Work to complete
Extract the records in full, leaving every picture out.

··· Records for this task

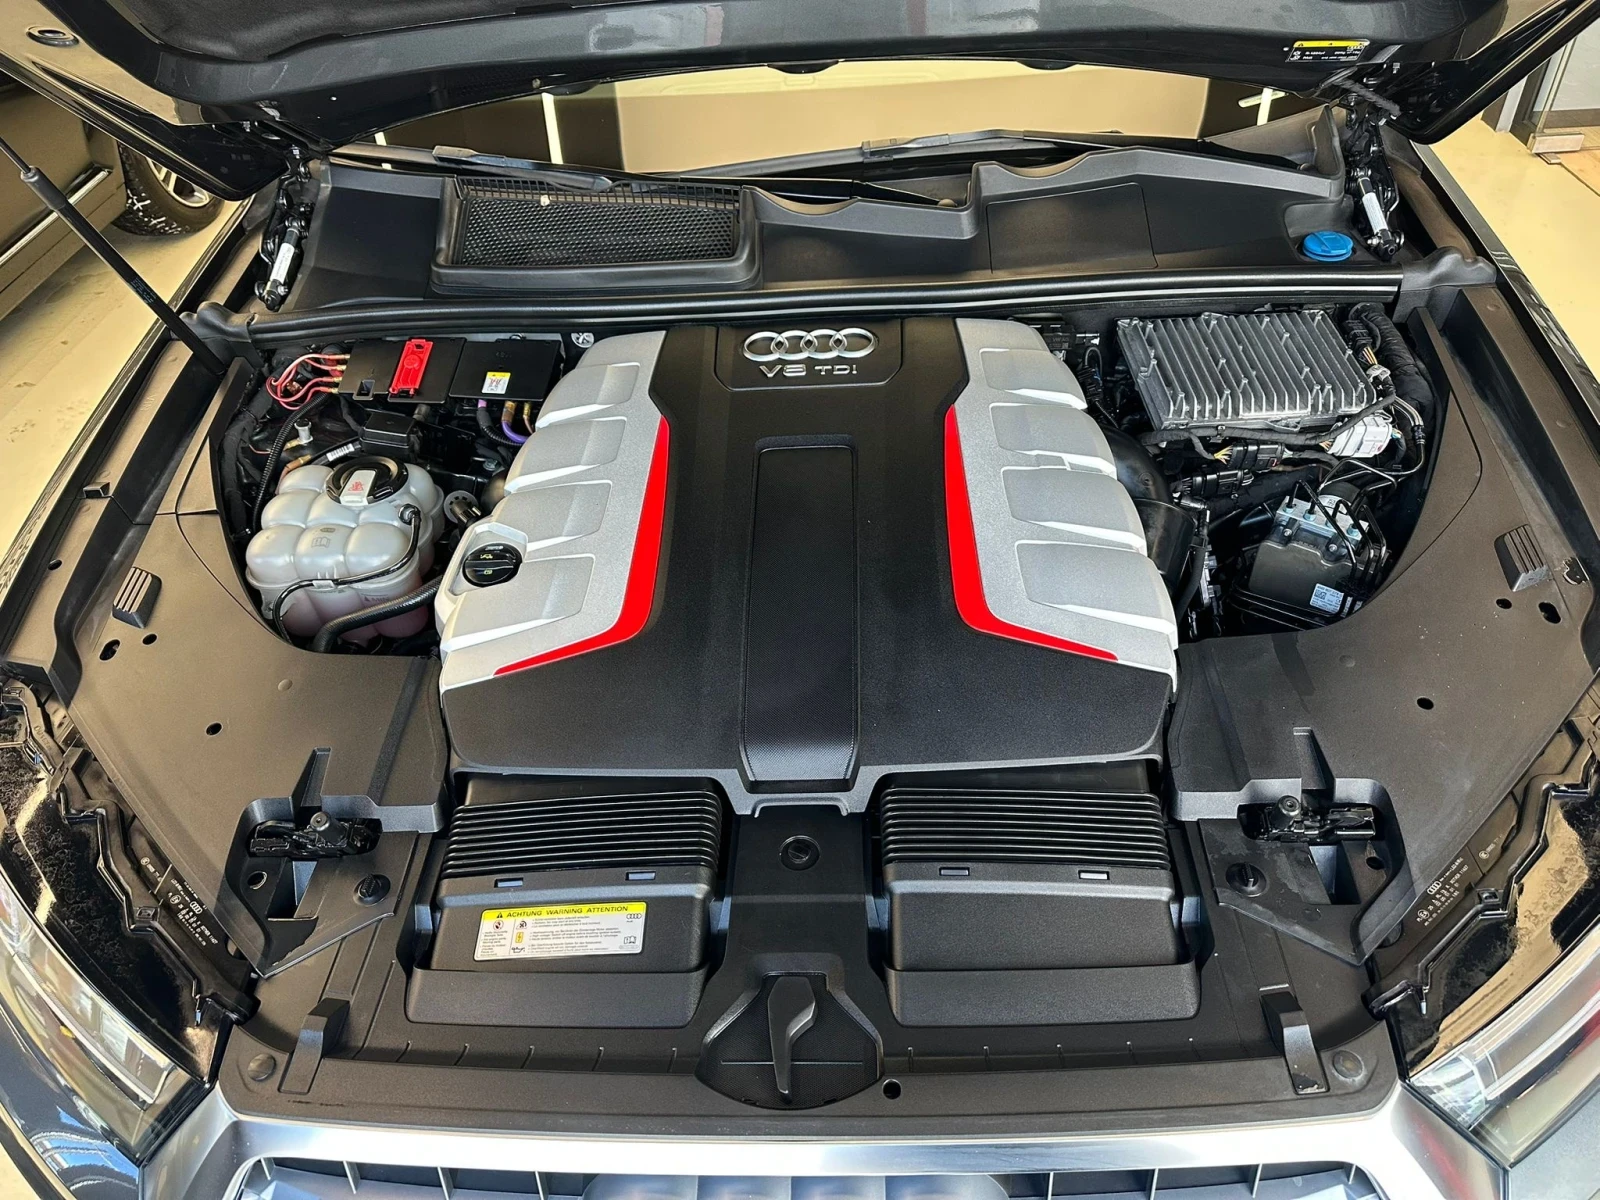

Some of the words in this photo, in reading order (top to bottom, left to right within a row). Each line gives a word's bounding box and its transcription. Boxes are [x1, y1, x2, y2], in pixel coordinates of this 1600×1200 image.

[759, 364, 807, 378] V8
[814, 364, 858, 375] TDI
[506, 910, 542, 918] ACHTUNG
[546, 907, 583, 915] WARNING
[586, 905, 629, 913] ATTENTION
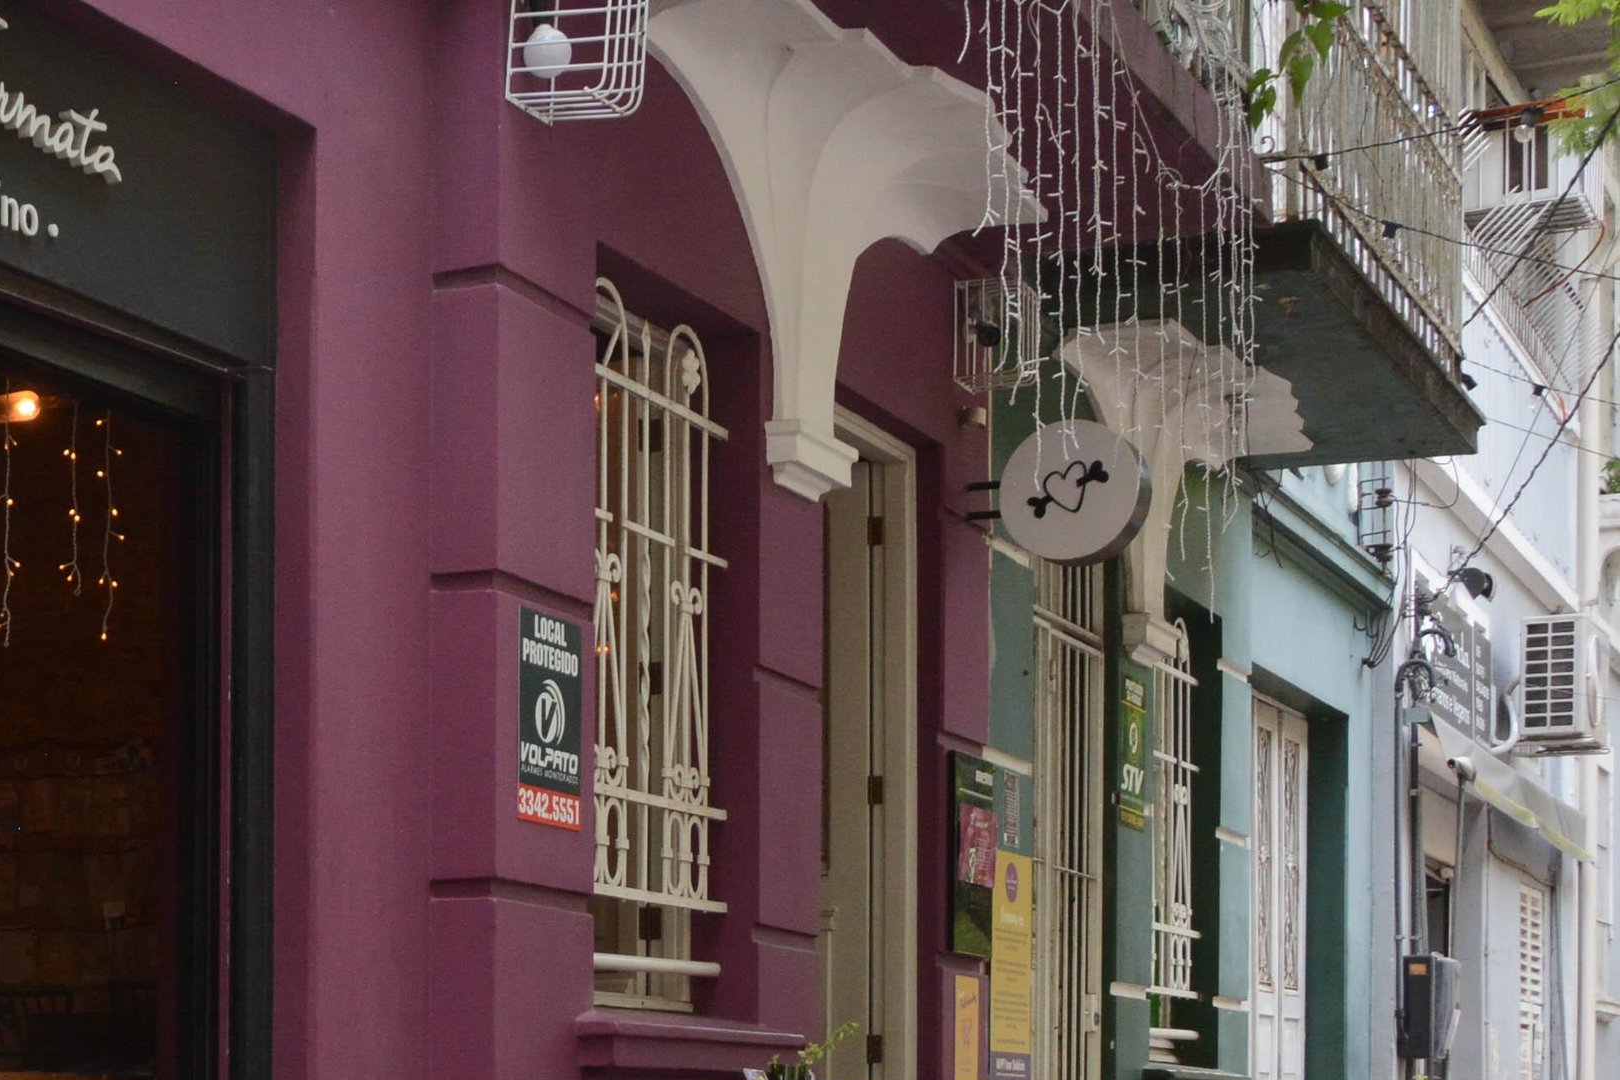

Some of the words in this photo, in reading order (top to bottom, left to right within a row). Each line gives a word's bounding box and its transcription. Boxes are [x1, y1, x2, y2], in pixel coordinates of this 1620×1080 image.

[533, 613, 568, 647] LOCAL
[521, 637, 580, 678] PROTEGIDO
[520, 740, 580, 775] VOLPATO
[1120, 763, 1145, 795] STV
[518, 787, 580, 826] 3342.5551
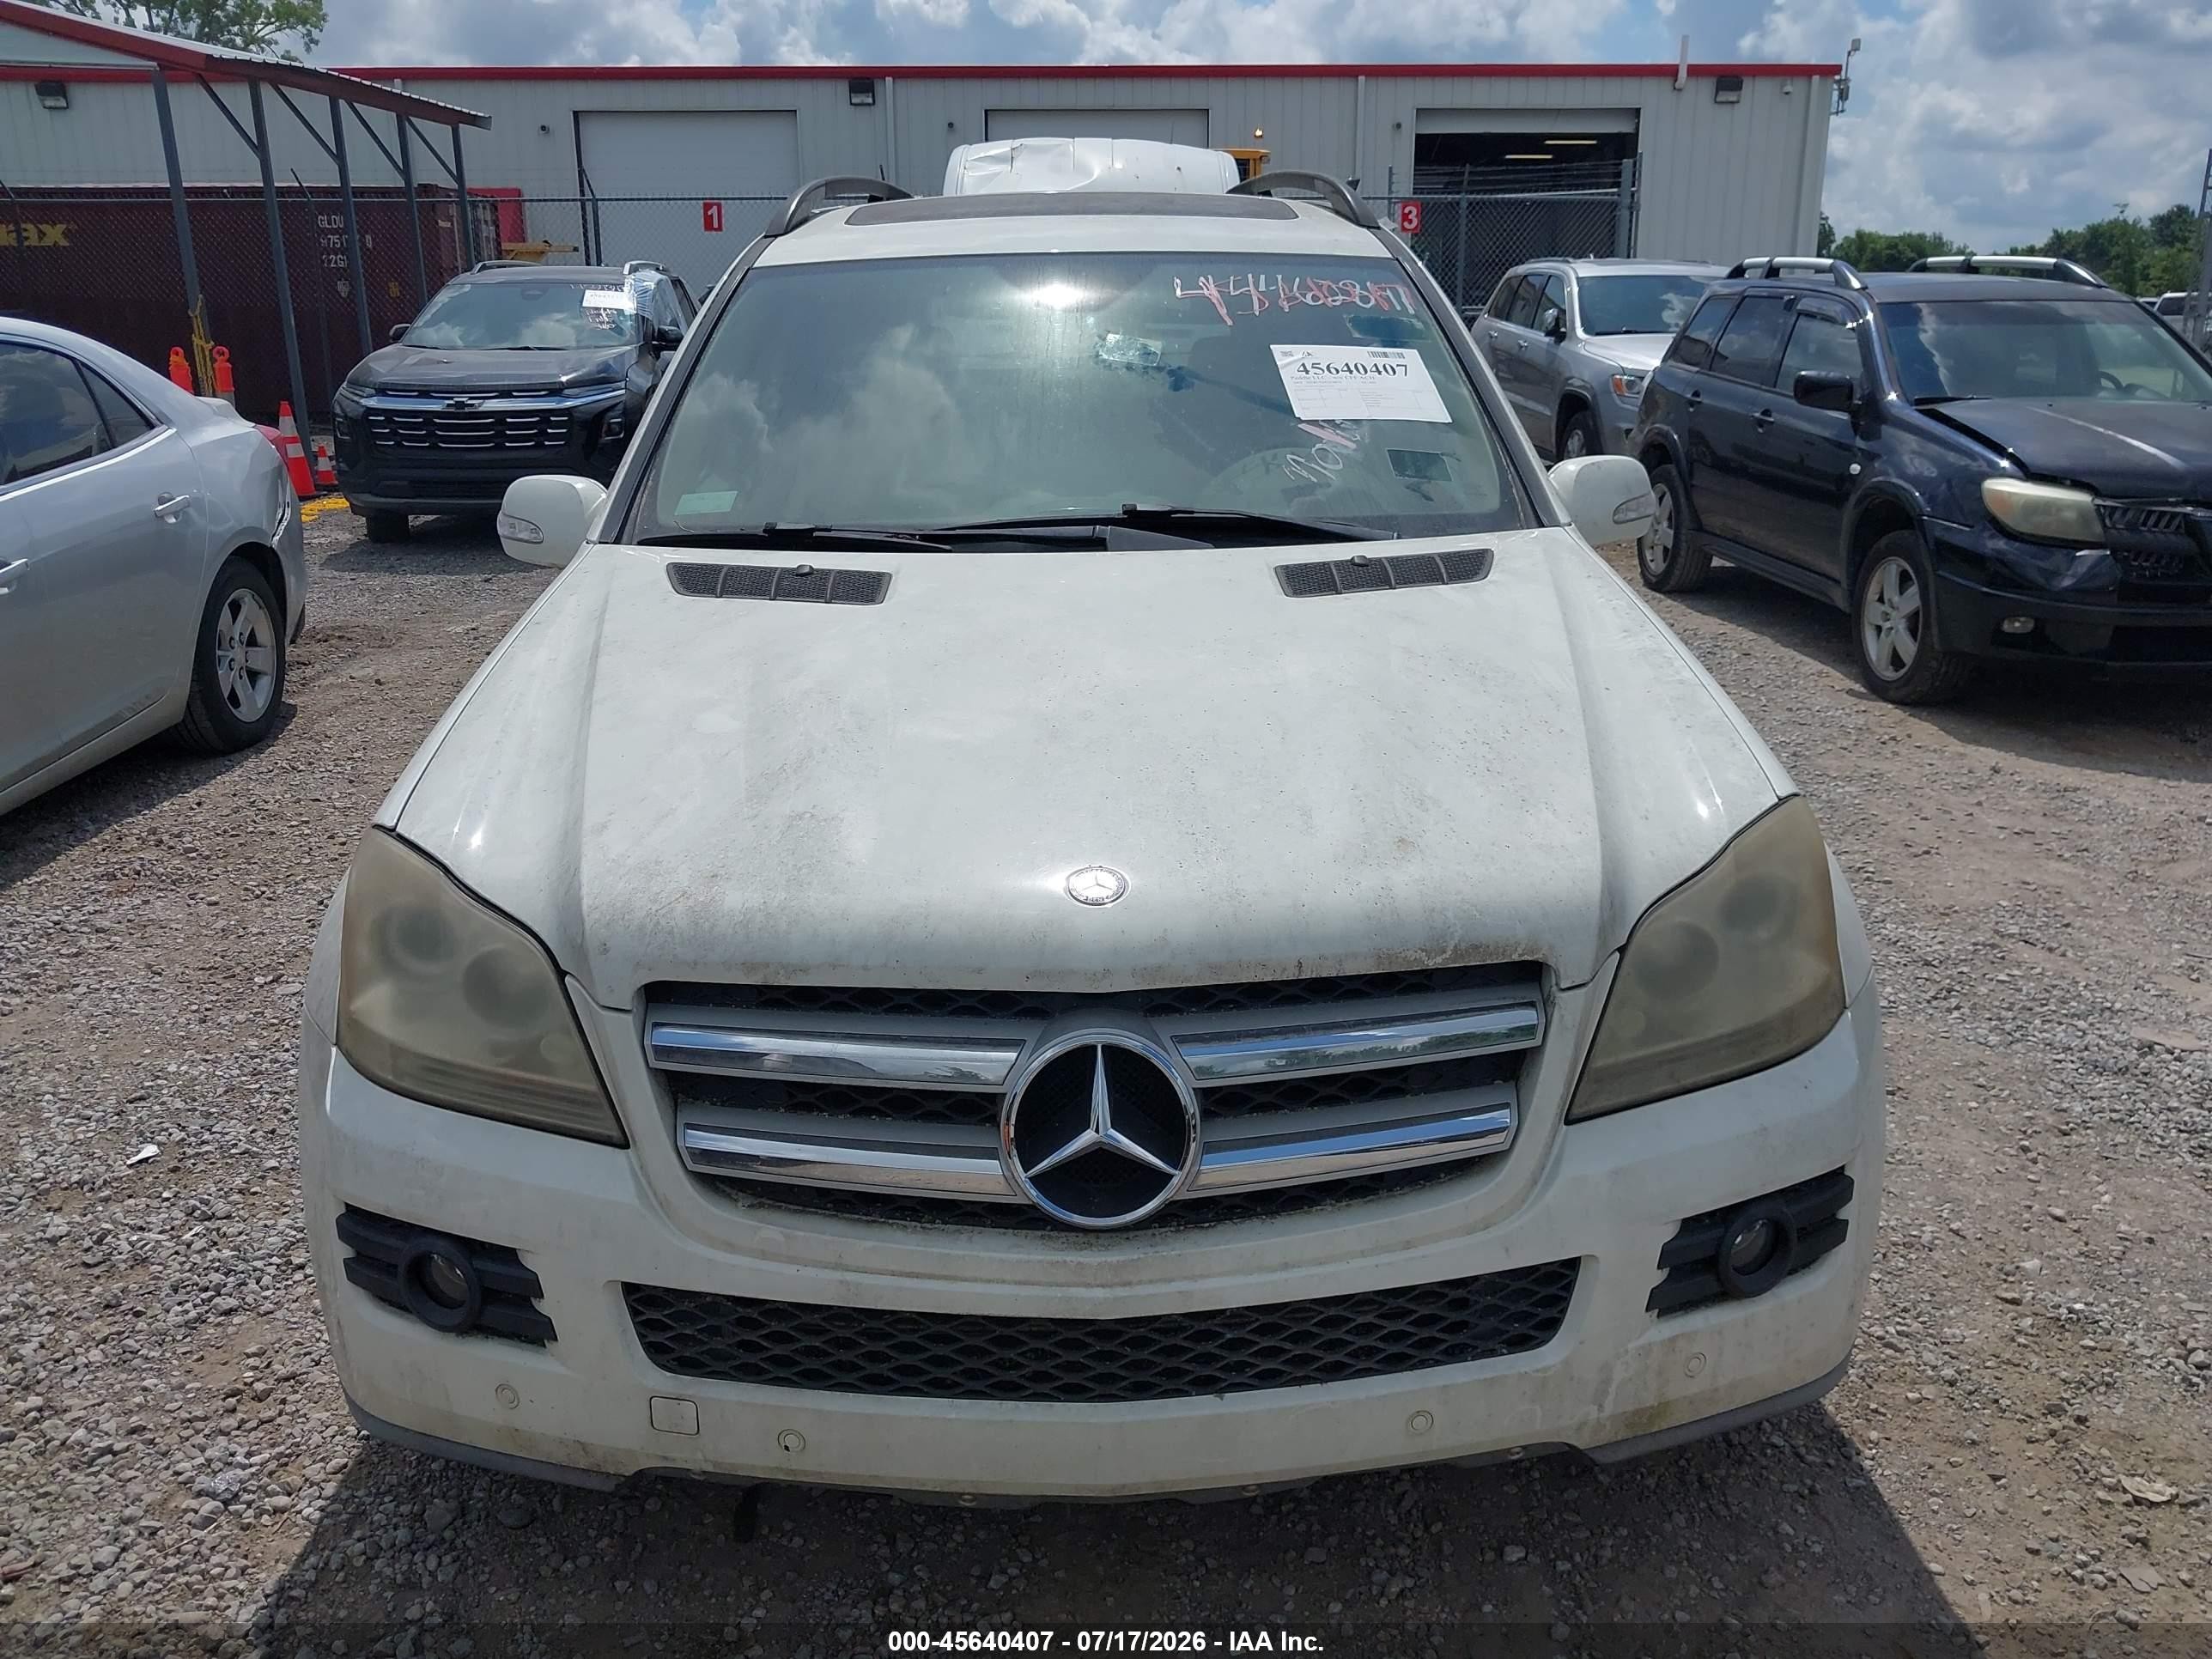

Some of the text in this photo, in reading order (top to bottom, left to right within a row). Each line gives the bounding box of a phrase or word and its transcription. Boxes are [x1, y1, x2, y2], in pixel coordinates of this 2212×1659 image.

······

Output
Some of the words in this photo, in reading order (top to bottom, left to right within a row). Each line gives a word's bounding box and its transcription. Boxes are [x1, y1, x2, y2], in pixel coordinates of this 1600×1200 image.

[759, 364, 807, 378] V8
[814, 364, 858, 375] TDI
[506, 910, 542, 918] ACHTUNG
[546, 907, 583, 915] WARNING
[586, 905, 629, 913] ATTENTION

Some of the words in this photo, in reading order (top to bottom, left to right within a row). Each line gives a word's bounding box and its transcription. Boxes are [x1, y1, x2, y2], in pixel coordinates of this 1620×1080 image.

[533, 613, 568, 647] LOCAL
[521, 637, 580, 678] PROTEGIDO
[520, 740, 580, 775] VOLPATO
[1120, 763, 1145, 795] STV
[518, 787, 580, 826] 3342.5551

Some of the text in this photo, in reading order (top to bottom, left to right within a row). Each line gives the bounding box of a phrase or word and its transcription. Boxes are [x1, y1, x2, y2], in pixel coordinates of this 2212×1659 image.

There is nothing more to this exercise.